(EXERCISE DETAILS)
Leave out all pictures while repeating the records exactly and completely.

(MATERIAL FOR THE TASK)

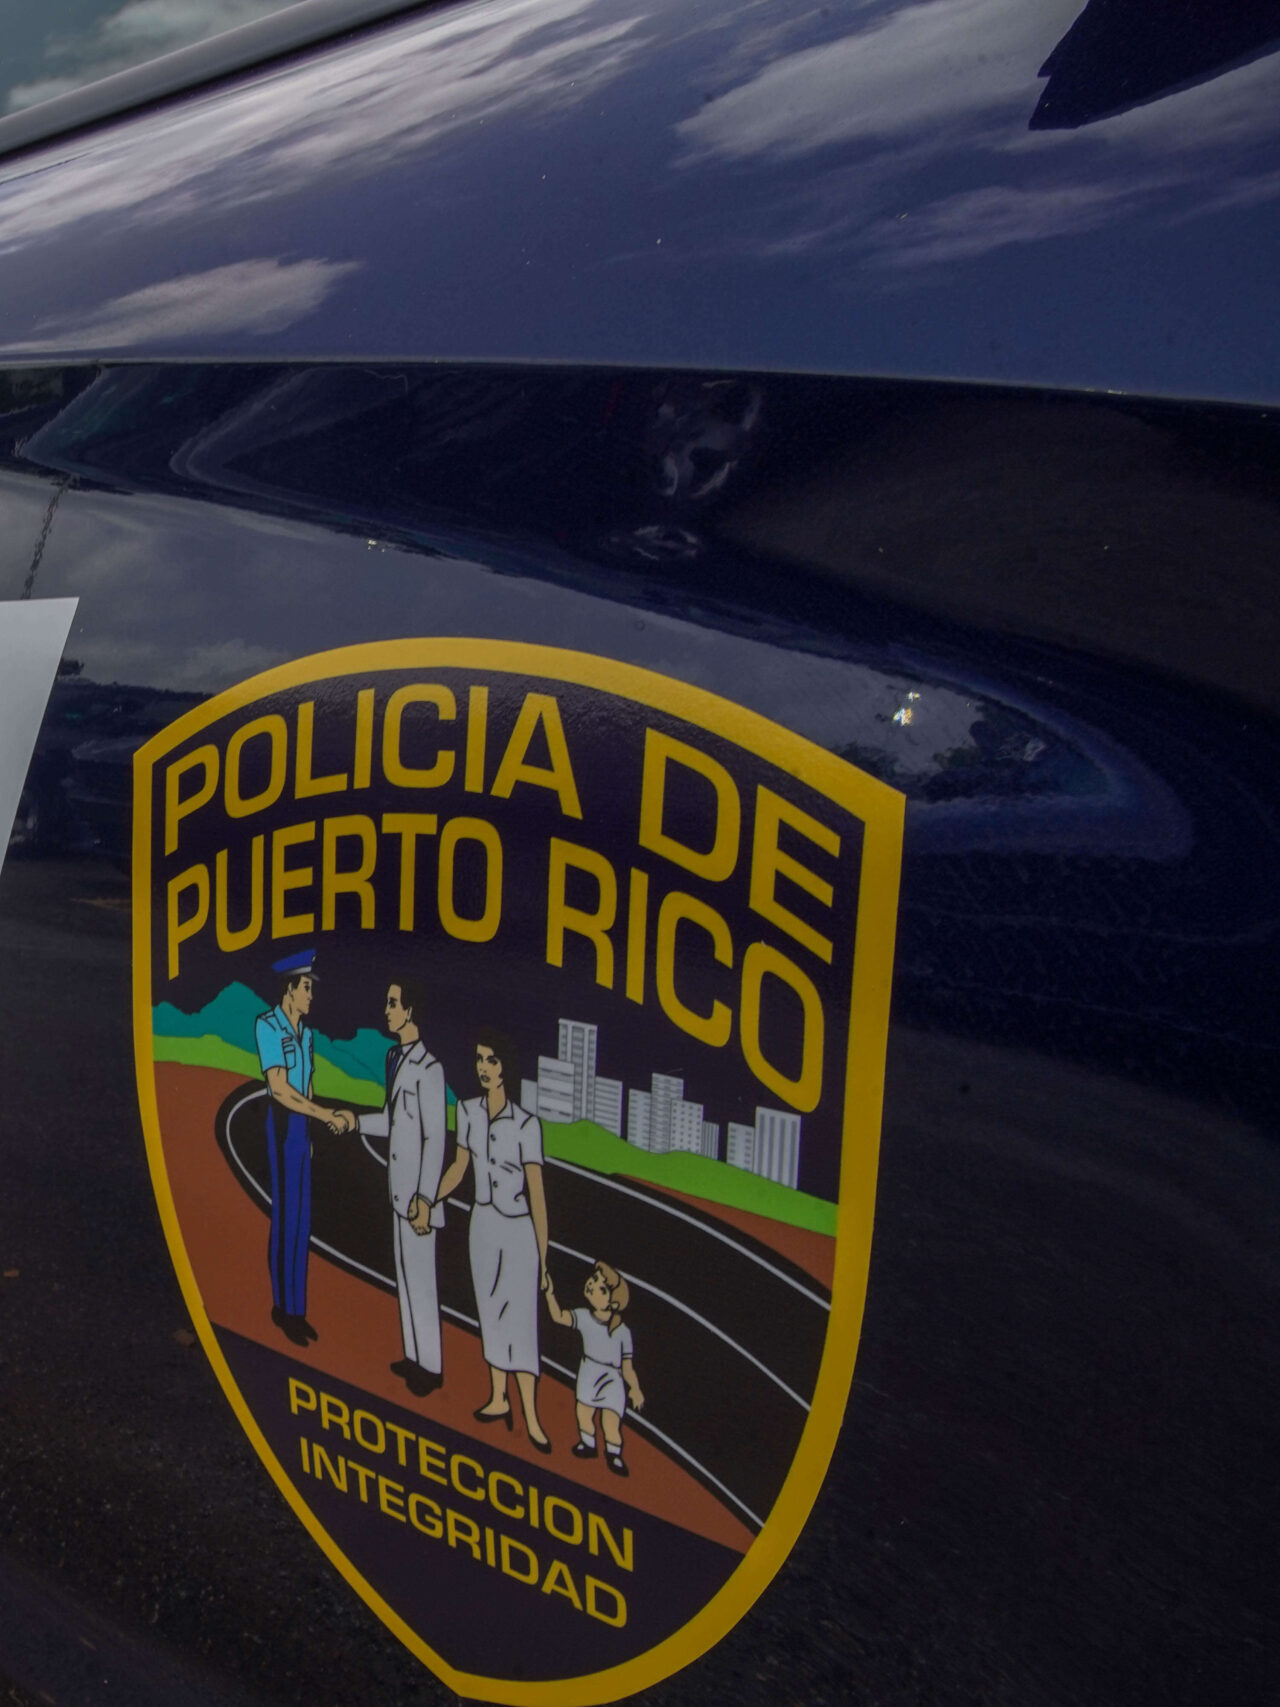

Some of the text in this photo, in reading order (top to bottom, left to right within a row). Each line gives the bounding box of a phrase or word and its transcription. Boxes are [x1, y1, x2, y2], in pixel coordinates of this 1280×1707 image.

[166, 684, 841, 964] POLICIA DE
[167, 813, 825, 1113] PUERTO RICO
[288, 1377, 634, 1572] PROTECCION
[300, 1437, 628, 1629] INTEGRIDAD
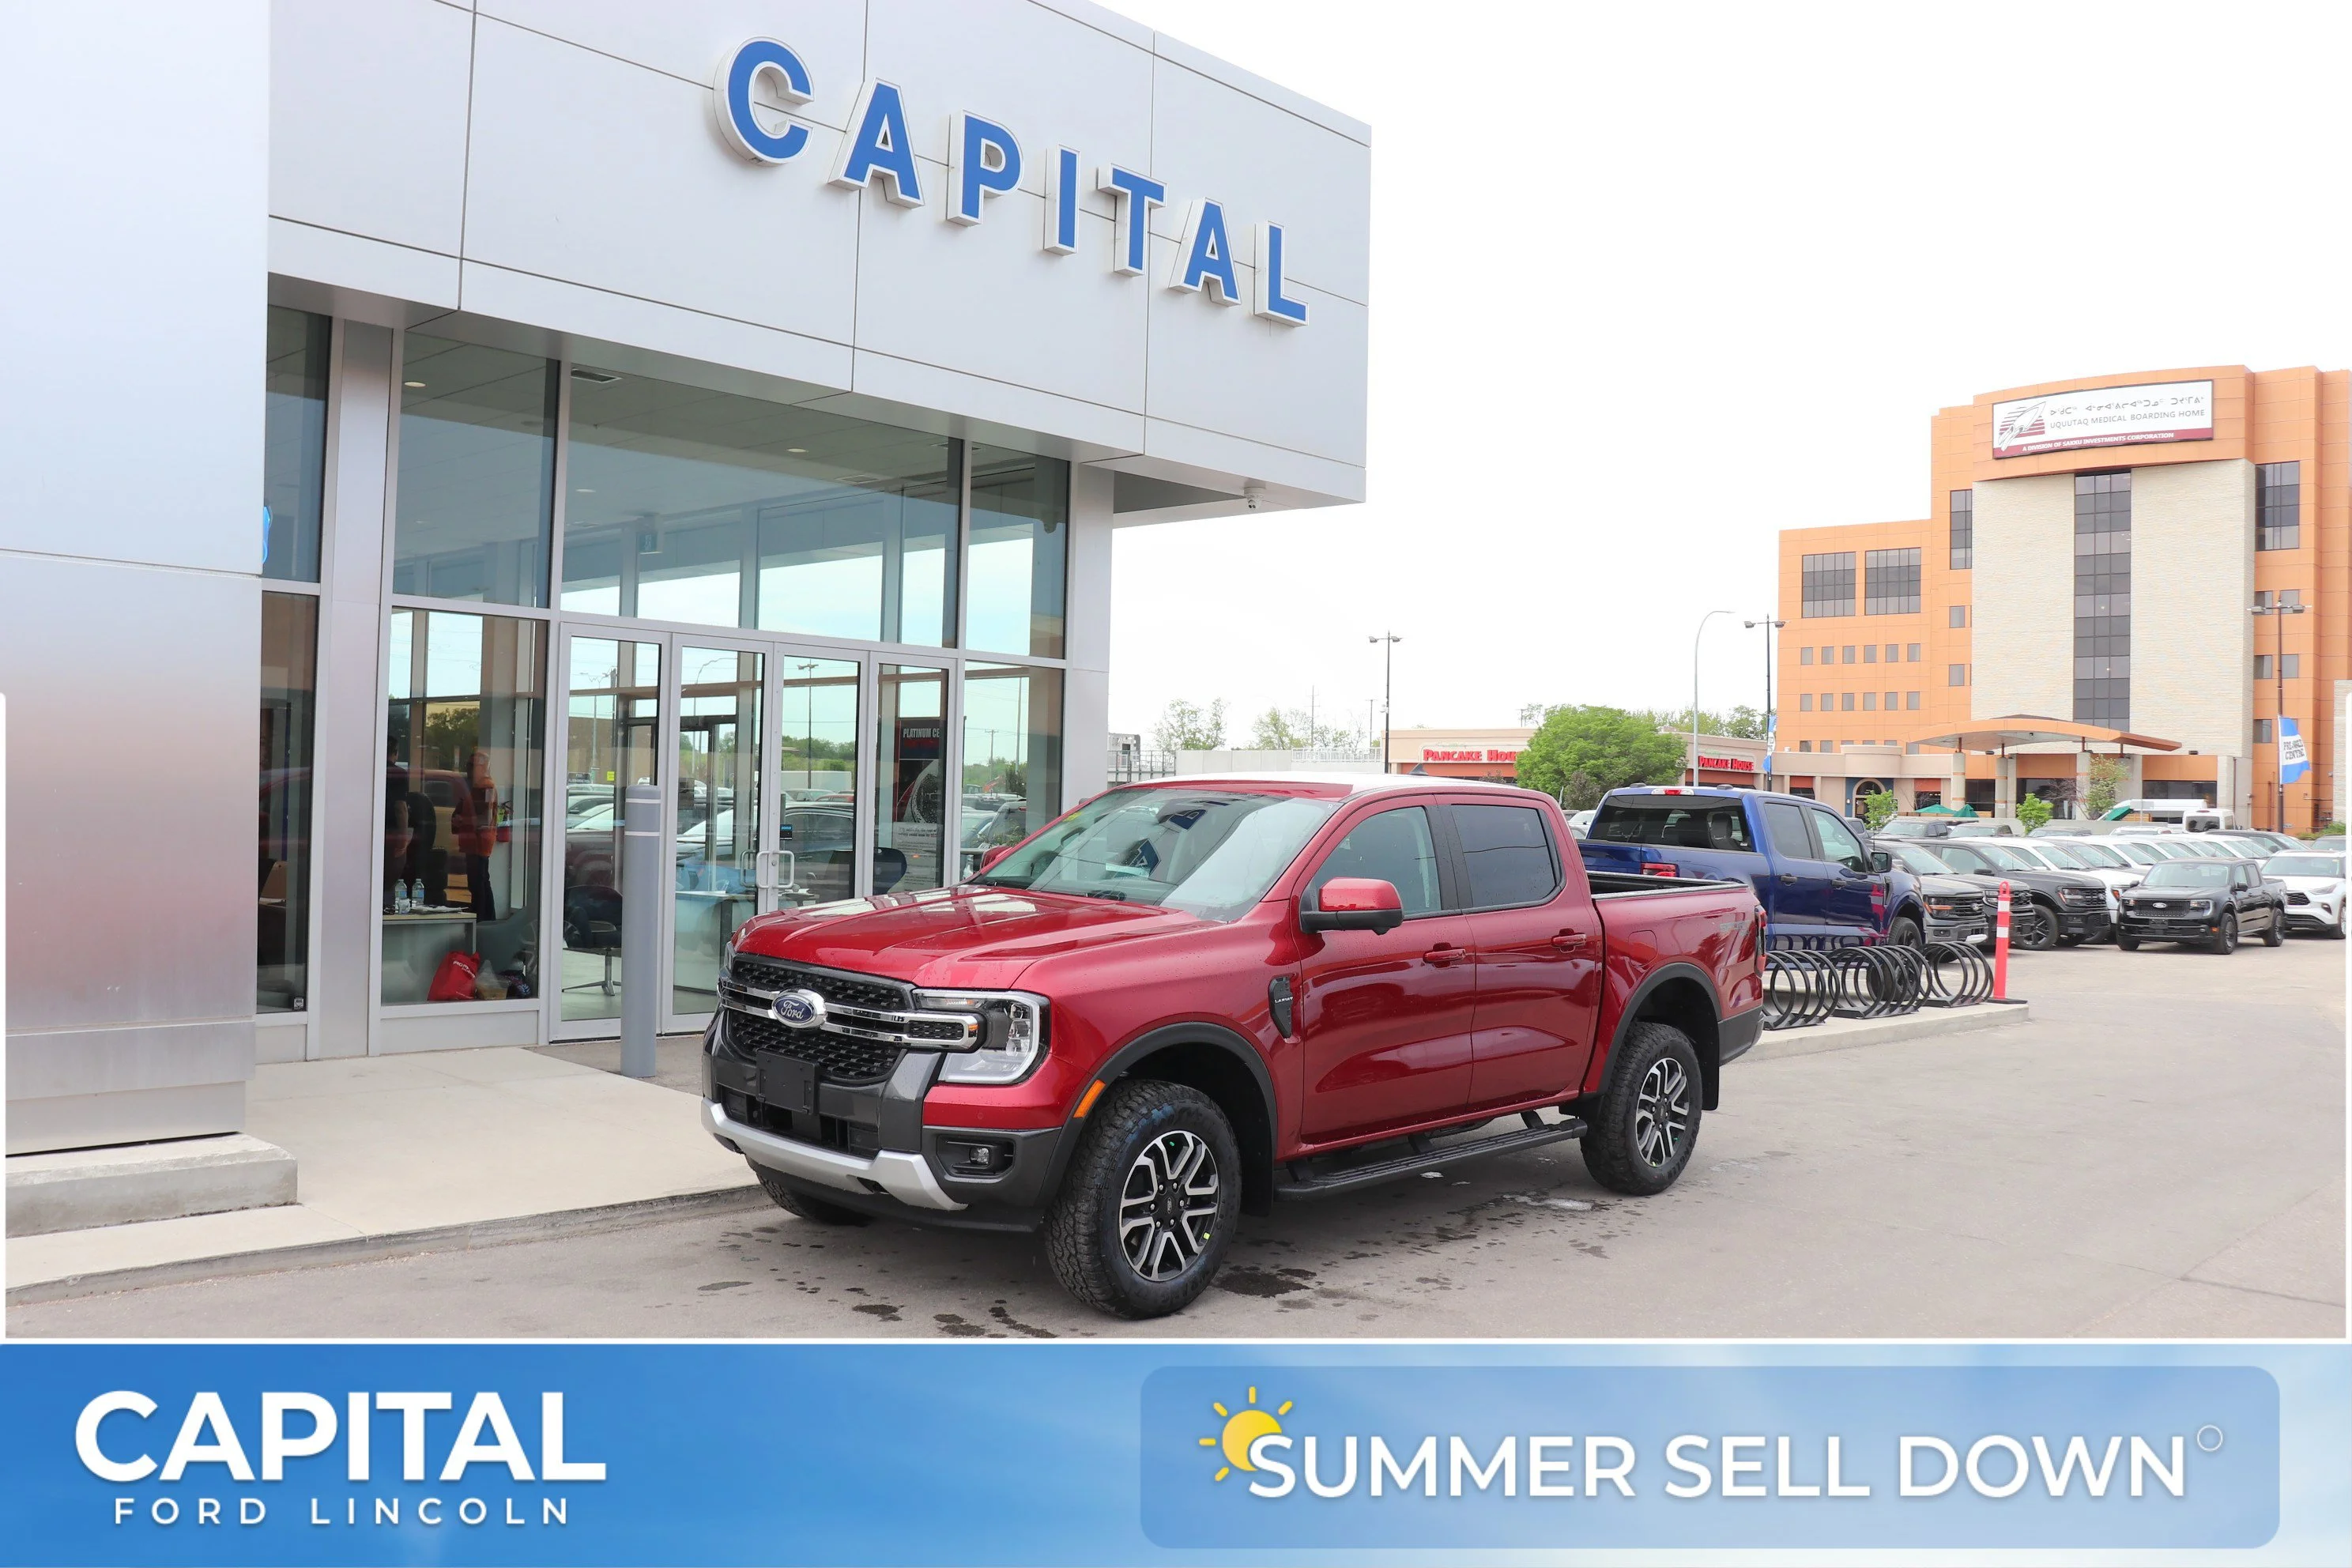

(EXPECTED ANSWER)
Some of the text in this photo, in reading order (top to bottom, left to right within a row). Each line gives the bounding box of a phrase or word and its transcription. Boxes are [x1, y1, x2, y2], in pixel coordinates of this 1280×1707 image.

[166, 684, 841, 964] POLICIA DE
[167, 813, 825, 1113] PUERTO RICO
[288, 1377, 634, 1572] PROTECCION
[300, 1437, 628, 1629] INTEGRIDAD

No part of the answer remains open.